Doing this using jQuery's .html() and .val() methods instead of using .innerHTML and .value is also insecure* for some versions of jQuery, even when using a textarea. This is because older versions of jQuery would deliberately and explicitly evaluate scripts contained in the string passed to .html().
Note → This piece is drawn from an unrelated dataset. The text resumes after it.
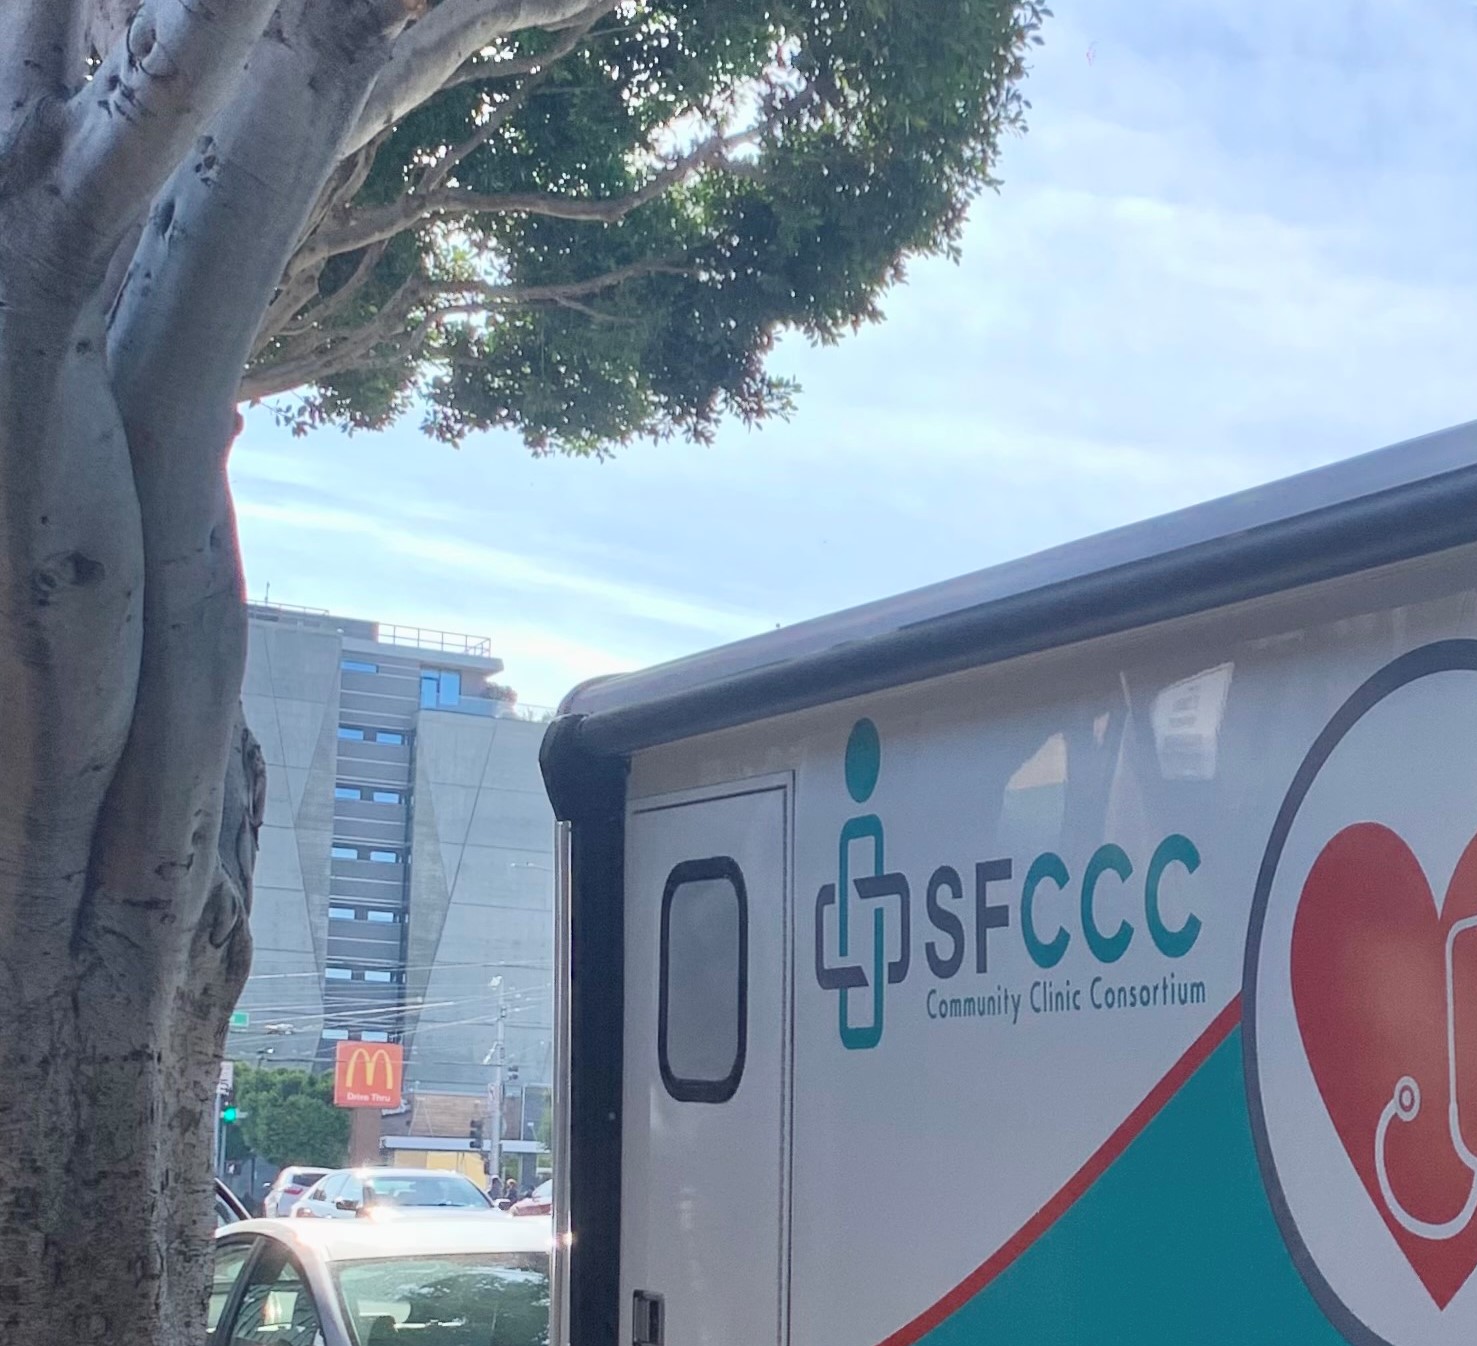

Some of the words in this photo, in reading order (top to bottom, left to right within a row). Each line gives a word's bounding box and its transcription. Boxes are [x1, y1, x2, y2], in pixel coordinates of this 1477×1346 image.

Hence code like this shows an alert in jQuery 1.8:

使用jQuery .html()和.val()方法,而不是使用. innerhtml和.value,对于某些版本的jQuery,甚至在使用textarea时也不安全。这是因为老版本的jQuery会故意和显式地评估传递给.html()的字符串中包含的脚本。因此,像这样的代码在jQuery 1.8中显示了一个警告:

// Shows alert
$('<textarea>').html('<script>alert(1337)</script>').text()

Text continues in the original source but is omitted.